## ACTIVITY
Reproduce all of the data below without alteration; exclude every picture.

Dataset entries
<<<<

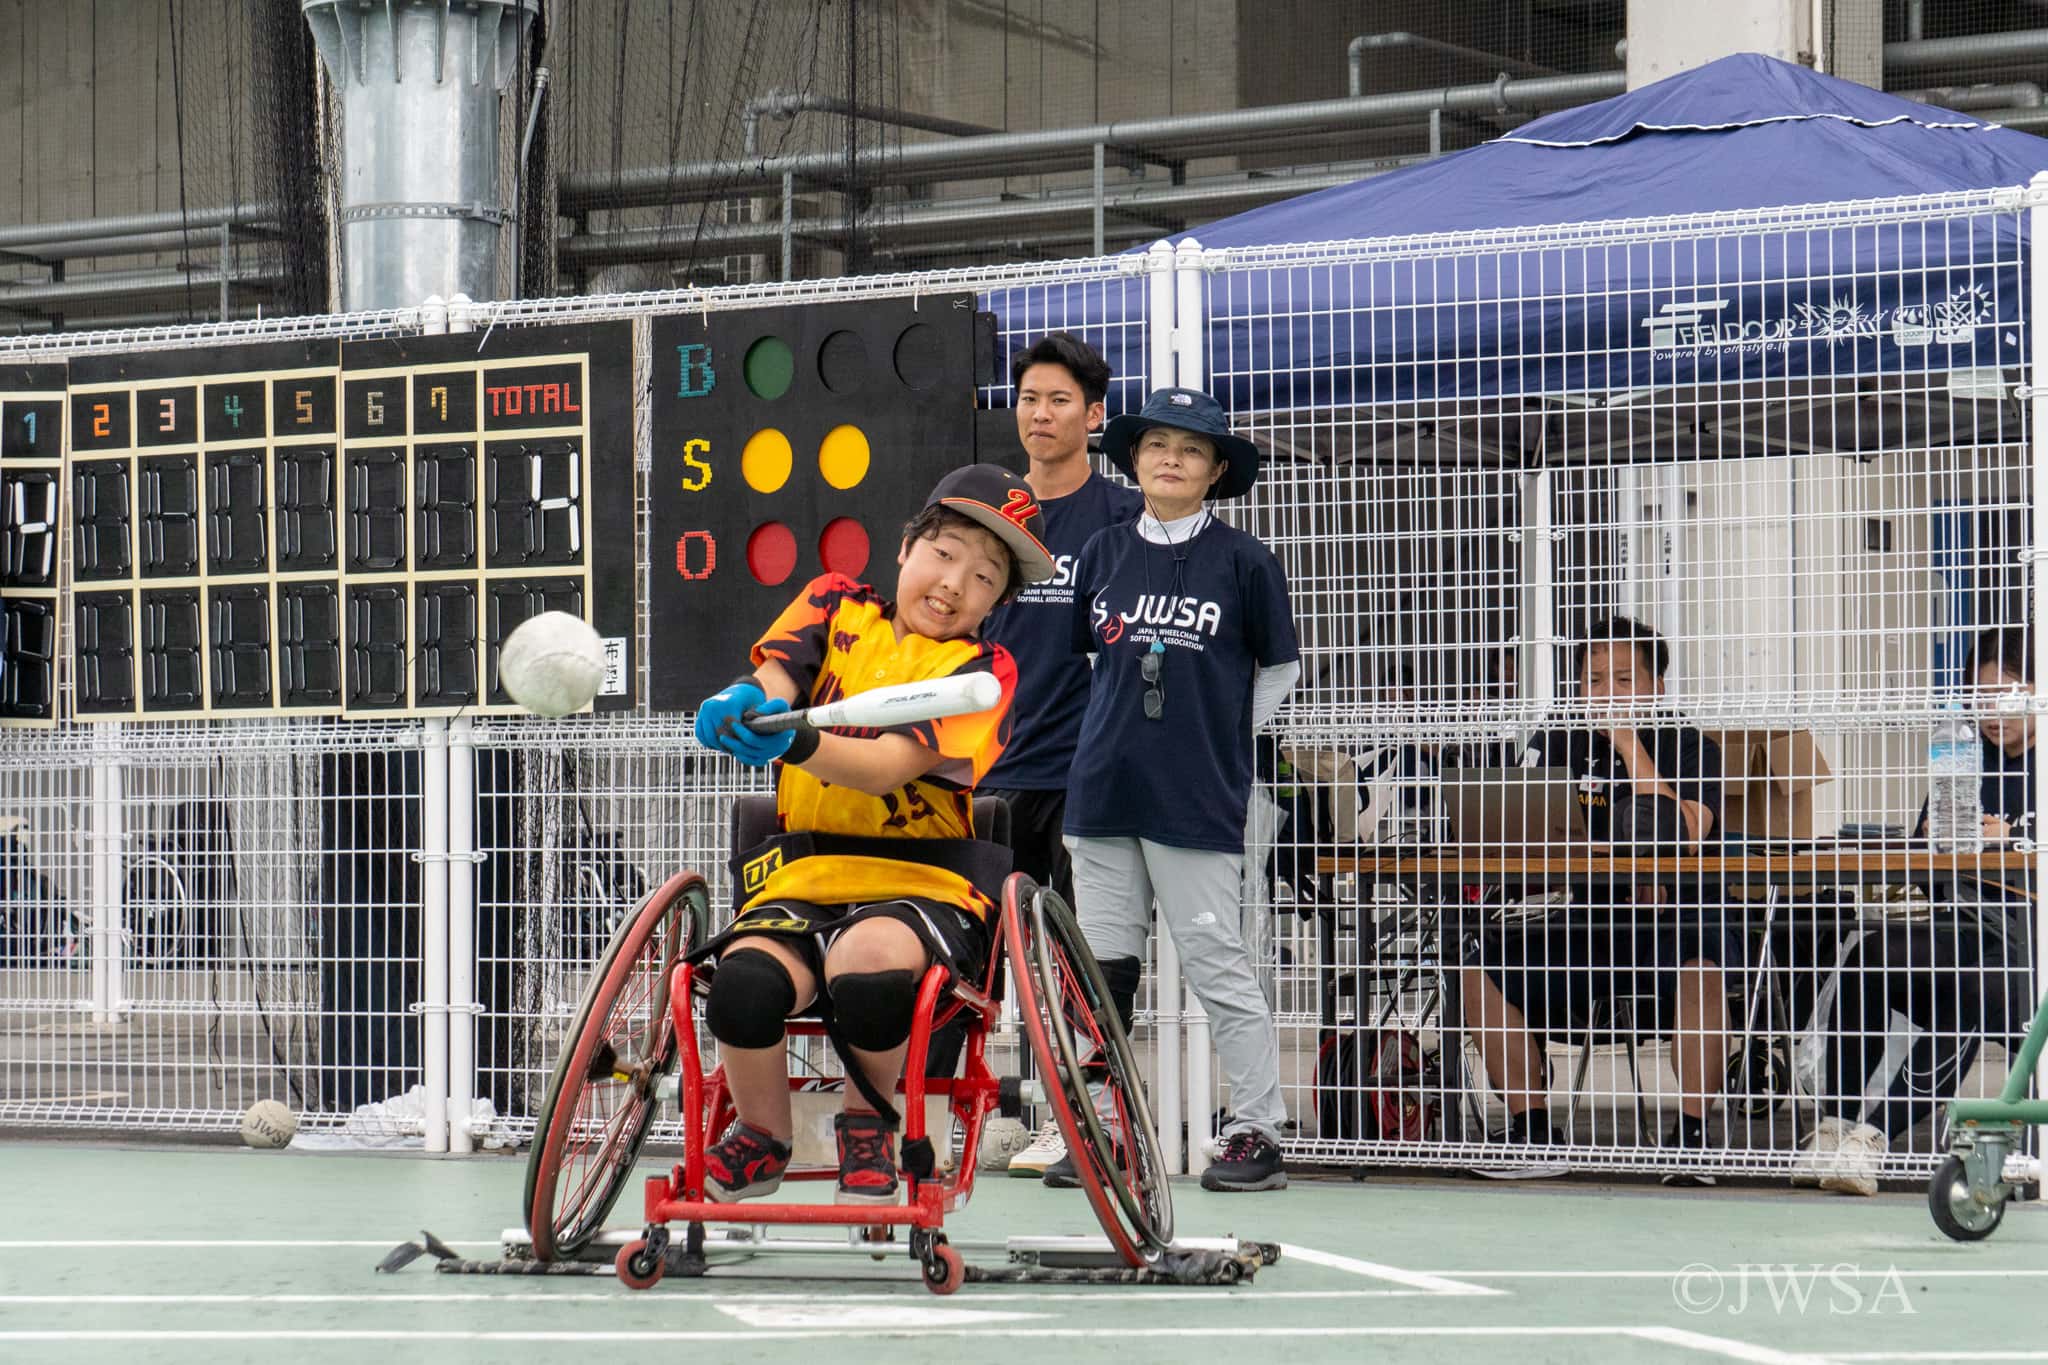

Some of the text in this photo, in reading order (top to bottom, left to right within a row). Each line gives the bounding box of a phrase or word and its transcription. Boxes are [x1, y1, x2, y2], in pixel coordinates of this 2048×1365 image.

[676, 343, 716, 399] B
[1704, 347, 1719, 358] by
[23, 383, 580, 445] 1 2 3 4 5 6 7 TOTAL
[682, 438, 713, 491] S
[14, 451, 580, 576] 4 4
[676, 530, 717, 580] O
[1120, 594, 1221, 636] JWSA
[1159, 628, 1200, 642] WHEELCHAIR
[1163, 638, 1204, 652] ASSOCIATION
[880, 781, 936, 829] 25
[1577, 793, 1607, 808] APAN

>>>>

## FINAL ANSWER
Some of the text in this photo, in reading order (top to bottom, left to right within a row). Each line gives the bounding box of a phrase or word and its transcription. Boxes are [x1, y1, x2, y2], in pixel coordinates of this 2048×1365 image.

[676, 343, 716, 399] B
[1704, 347, 1719, 358] by
[23, 383, 580, 445] 1 2 3 4 5 6 7 TOTAL
[682, 438, 713, 491] S
[14, 451, 580, 576] 4 4
[676, 530, 717, 580] O
[1120, 594, 1221, 636] JWSA
[1159, 628, 1200, 642] WHEELCHAIR
[1163, 638, 1204, 652] ASSOCIATION
[880, 781, 936, 829] 25
[1577, 793, 1607, 808] APAN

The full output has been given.